[Annotated photo localization data]

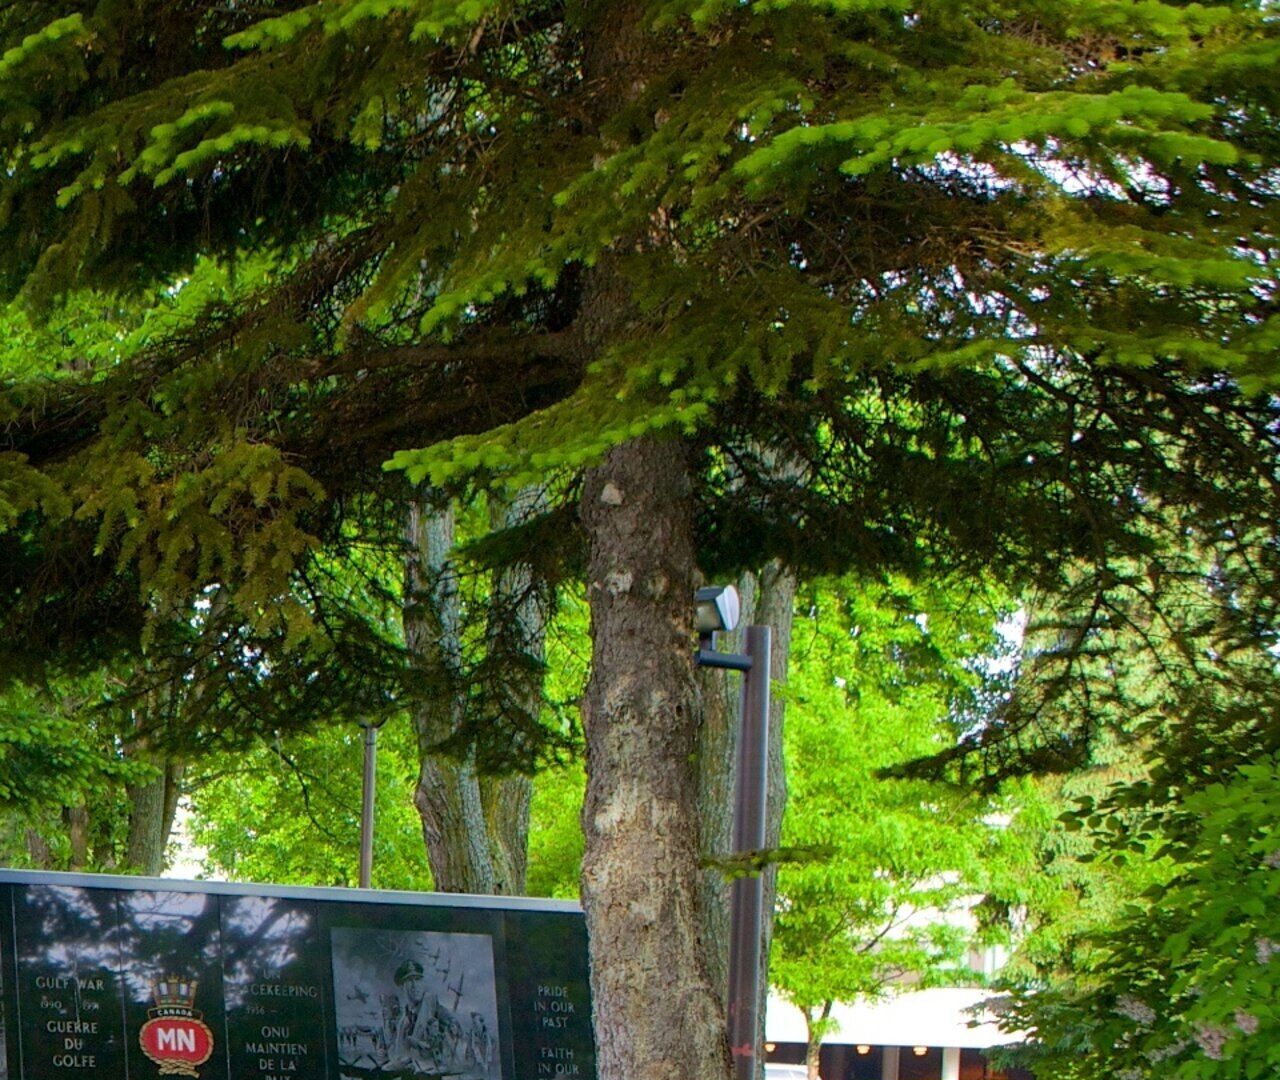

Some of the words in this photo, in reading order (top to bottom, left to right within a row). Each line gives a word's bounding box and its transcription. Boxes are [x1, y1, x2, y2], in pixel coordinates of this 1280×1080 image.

[36, 977, 70, 989] GULF
[77, 979, 104, 991] WAR
[538, 985, 568, 998] PRIDE
[157, 1008, 193, 1017] CANADA
[534, 1001, 547, 1012] IN
[550, 1002, 575, 1013] OUR
[47, 1020, 98, 1034] GUERRE
[542, 1017, 569, 1028] PAST
[261, 1026, 289, 1038] ONU
[64, 1038, 83, 1050] DU
[156, 1028, 196, 1052] MN
[246, 1042, 308, 1055] MAINTIEN
[542, 1048, 574, 1060] FAITH
[53, 1055, 96, 1068] GOLFE
[259, 1058, 275, 1070] DE
[280, 1059, 296, 1071] LA
[538, 1063, 551, 1074] IN
[555, 1063, 579, 1075] OUR

### BRIEF
Copy all records exactly; omit images.

### EXPECTED ANSWER
Some of the words in this photo, in reading order (top to bottom, left to right within a row). Each line gives a word's bounding box and its transcription. Boxes are [x1, y1, x2, y2], in pixel coordinates of this 1280×1080 image.

[36, 977, 70, 989] GULF
[77, 979, 104, 991] WAR
[538, 985, 568, 998] PRIDE
[157, 1008, 193, 1017] CANADA
[534, 1001, 547, 1012] IN
[550, 1002, 575, 1013] OUR
[47, 1020, 98, 1034] GUERRE
[542, 1017, 569, 1028] PAST
[261, 1026, 289, 1038] ONU
[64, 1038, 83, 1050] DU
[156, 1028, 196, 1052] MN
[246, 1042, 308, 1055] MAINTIEN
[542, 1048, 574, 1060] FAITH
[53, 1055, 96, 1068] GOLFE
[259, 1058, 275, 1070] DE
[280, 1059, 296, 1071] LA
[538, 1063, 551, 1074] IN
[555, 1063, 579, 1075] OUR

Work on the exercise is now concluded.